• _WHAT TO DO_
Quote the listing below in full and exactly as written, but omit every picture.

======== EXERCISE INPUT ========

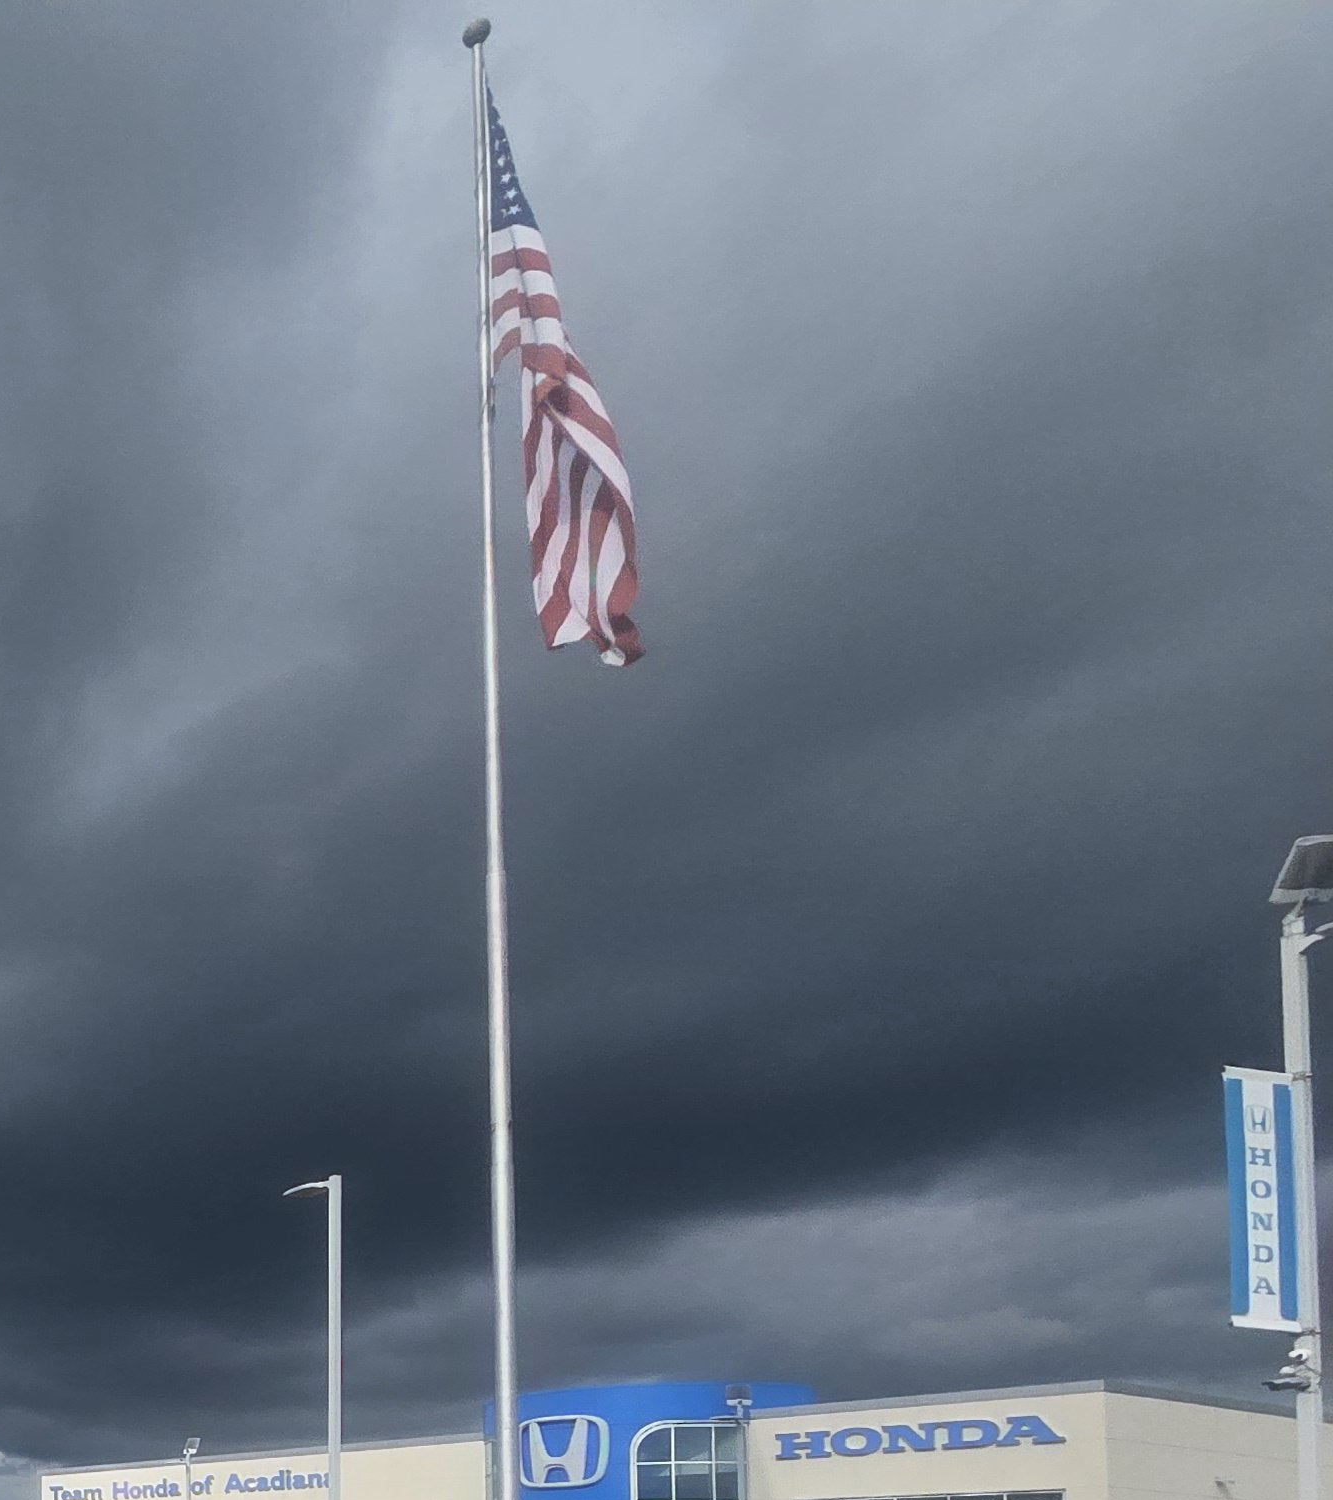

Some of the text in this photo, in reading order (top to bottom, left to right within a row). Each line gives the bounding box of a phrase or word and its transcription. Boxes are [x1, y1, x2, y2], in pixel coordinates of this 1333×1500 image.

[1247, 1146, 1276, 1295] HONDA
[775, 1415, 1067, 1461] HONDA
[112, 1478, 181, 1500] Honda
[189, 1475, 215, 1496] of

========

• _FINISHED EXERCISE_
Some of the text in this photo, in reading order (top to bottom, left to right within a row). Each line gives the bounding box of a phrase or word and its transcription. Boxes are [x1, y1, x2, y2], in pixel coordinates of this 1333×1500 image.

[1247, 1146, 1276, 1295] HONDA
[775, 1415, 1067, 1461] HONDA
[112, 1478, 181, 1500] Honda
[189, 1475, 215, 1496] of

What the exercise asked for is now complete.